Hovenkamp: AICOA “Was A Bill That Deserved To Die.”
In a paper published this week, preeminent legal scholar Herbert Hovenkamp, one of the foremost authorities on antitrust law, detailed the competitive nature of the tech sector and explained why the approach to competition policy outlined in the American Innovation and Choice Online Act (AICOA) “should be abandoned.” He concluded that AICOA “was a bill that deserved to die.”
Here are the key takeaways from his paper:
— AICOA unjustifiably targeted the tech sector, where competition is alive and well and prices remain low.
— AICOA regulated based on harm to competitors, not consumers.
— AICOA should not serve as a model for future competition legislation.
AICOA Unjustifiably Targeted The Tech Sector, Where Competition Is Alive and Well and Prices Remain Low
Hovenkamp explained that regulating a sector of the economy that is performing well, as AICOA did, “is a bad choice on every score.” “One disturbing thing about the AICOA is that it targets for harsh treatment a portion of the United States economy that is performing better than most. If one were looking for problem areas for increased antitrust enforcement it would be markets and products that exhibit stagnant growth, stable market shares, lack of new entry, signs of oligopoly or widespread price fixing, or lack of innovation. Focusing on the internet economy is a bad choice on every score.”

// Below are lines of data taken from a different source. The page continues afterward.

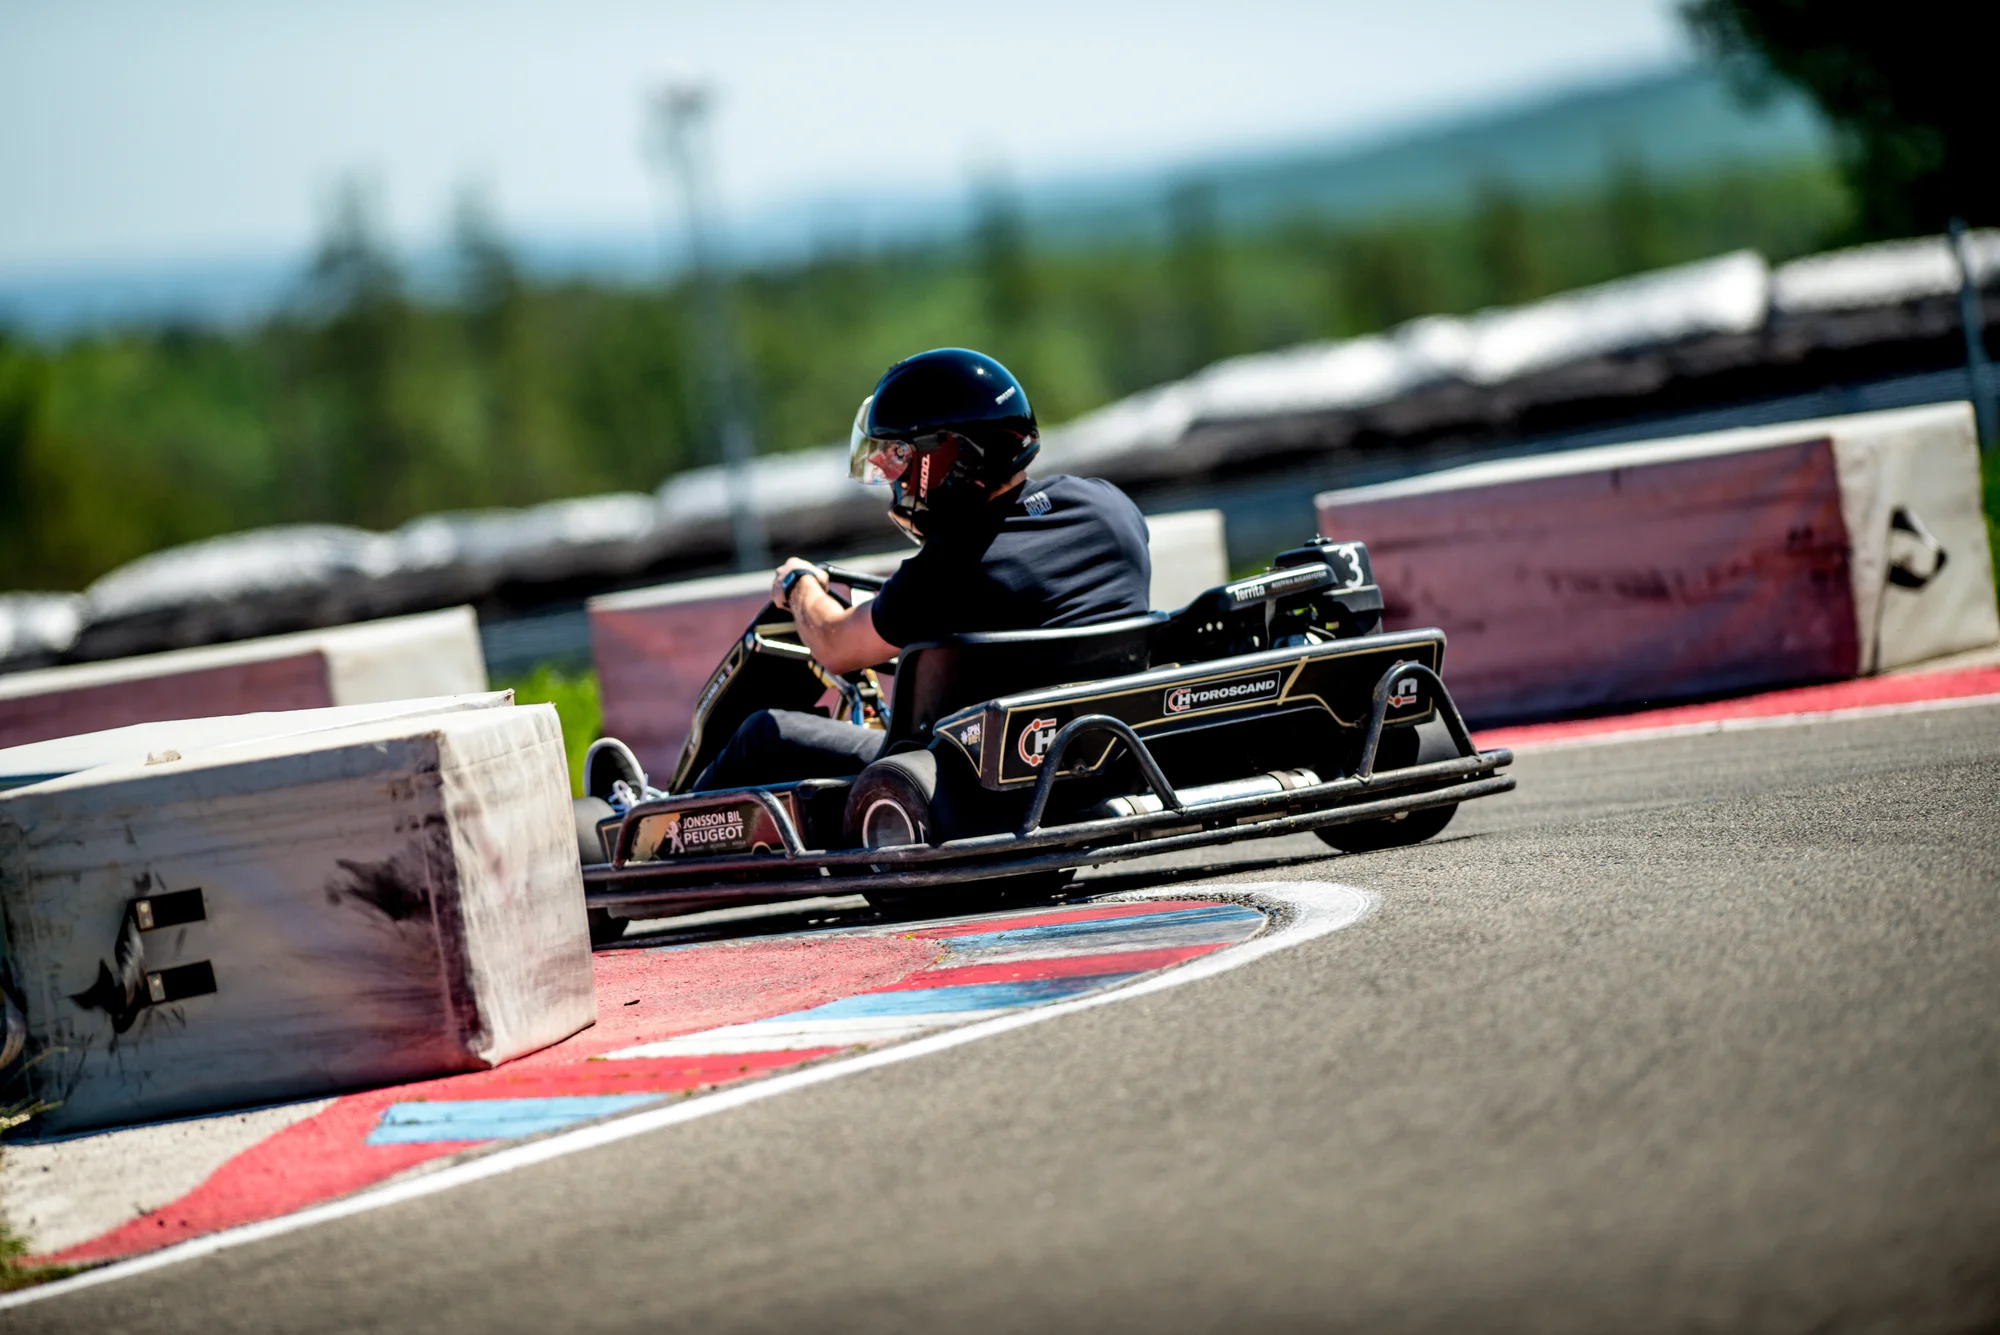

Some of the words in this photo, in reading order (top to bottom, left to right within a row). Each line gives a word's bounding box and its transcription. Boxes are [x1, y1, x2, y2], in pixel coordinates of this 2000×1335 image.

[1338, 545, 1364, 589] 3
[1235, 584, 1266, 602] Territa
[1177, 679, 1276, 706] HYDROSCAND
[683, 813, 726, 829] JONSSON
[727, 810, 743, 822] BIL
[684, 825, 744, 845] PEUGEOT

Hovenkamp also noted the low cost for consumers of identifying and switching options as two areas in which the digital economy “seems to be competitively superior.” “Here online commerce seems to be competitively superior on both counts. Searching and switching are both easier and broader in online markets than on conventional markets. Customers can travel from one site to another with a mouse click. As a result, depending on a consumer’s location, the variety of sellers that are available online can be much greater than the variety that the brick-and-mortar world realistically permits. Price and product comparison can often be accomplished at little cost and almost instantly.”

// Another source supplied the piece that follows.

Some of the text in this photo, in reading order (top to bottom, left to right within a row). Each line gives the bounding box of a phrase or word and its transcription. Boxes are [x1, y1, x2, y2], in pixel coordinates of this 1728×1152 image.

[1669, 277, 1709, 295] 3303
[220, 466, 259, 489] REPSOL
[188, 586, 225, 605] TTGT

Hovenkamp explained “there is little reason” to claim greater exercise of market power in the digital economy. “While more studies need to be done, there is little reason today for thinking that the exercise of market power is more common or more harmful on online markets than on traditional markets. Internet and traditional markets exhibit differing degrees of competition depending on the product.”
Hovenkamp also noted that “a focus on internet commerce is misplaced” given competition in the sector. “Examination of the competitive situation in online and traditional offline markets hardly suggests that online markets overall should receive more aggressive treatment. Further, the social cost of intervening in highly innovative markets is almost certainly higher than that of intervention in stagnant markets that are showing little progress. While antitrust rules do need to be made more aggressive in some areas, a focus on internet commerce is misplaced.”

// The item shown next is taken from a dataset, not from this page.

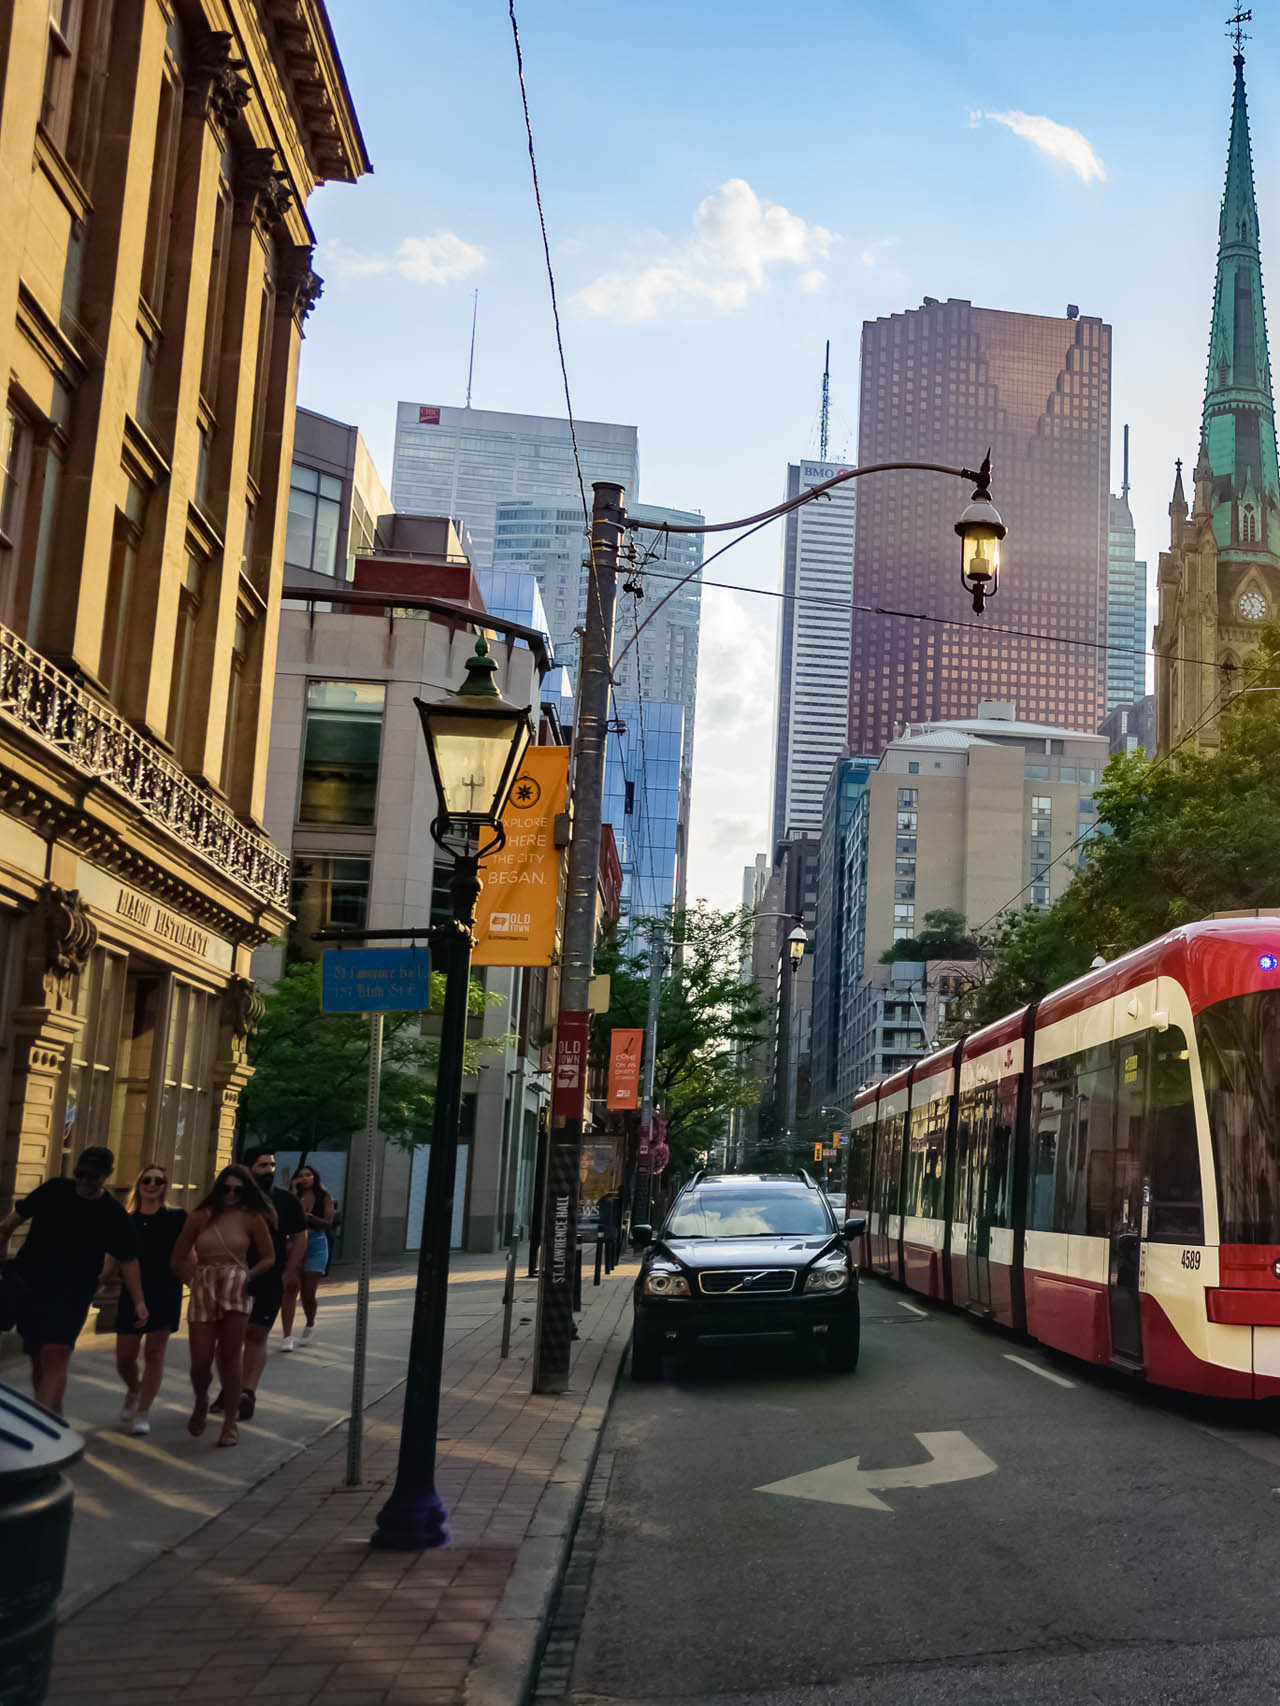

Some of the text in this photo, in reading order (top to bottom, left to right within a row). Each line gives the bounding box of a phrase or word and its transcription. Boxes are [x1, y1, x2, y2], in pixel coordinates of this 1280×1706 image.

AICOA Regulated Based On Harm To Competitors, Not Consumers
According to Hovenkamp, AICOA’s objective is “not to protect the consumer interest,” but “to protect the competitors of covered platforms.” “The AICOA process of selecting covered platforms by size rather than market share seems to be based on the premise that its goal is to protect the competitors of covered platforms from more aggressive sellers, not to protect the consumer interest in low prices and high quality.”
Hovenkamp explained that the AICOA’s approach of targeting large companies does not work “if our goal is to protect consumers.” “Pursuing ‘bigness’ of firms as a goal for competition policy might be useful if our purpose is to protect smaller firms who may have higher costs or do less innovating. It does not work, however, if our goal is to protect consumers, with their interest in high output, low prices, and high quality and innovation.”
AICOA Should Not Serve As A Model For Future Competition Legislation
Hovenkamp criticized AICOA’s ‘gatekeeper’ approach of targeting leading companies in a particular sector, saying the approach “should be abandoned.” “AICOA was a bill that deserved to die. The issue certainly remains alive, however, and will almost certainly be considered again by Congress. When it does so, the ‘gatekeeper’ approach to competition policy should be abandoned. It is too narrow because it ignores the conduct of firms that are not designated as gatekeepers, including offline sellers who are not included no matter what their size. It is too broad because it overreaches, perhaps egregiously, to condemn competitively harmless conduct on those firms that are defined as gatekeepers.”
Hovenkamp also called out the unintended consequences of AICOA, stating they “will certainly tilt the playing field in ways that are difficult to foresee.” “The self-preferencing obligations imposed by AICOA are aggressive and far reaching for covered platforms, but they do not do anything to change the status quo with respect to traditional markets as well as the thousands of internet sellers who are not designated as gatekeepers. This will certainly tilt the playing field in ways that are difficult to foresee.”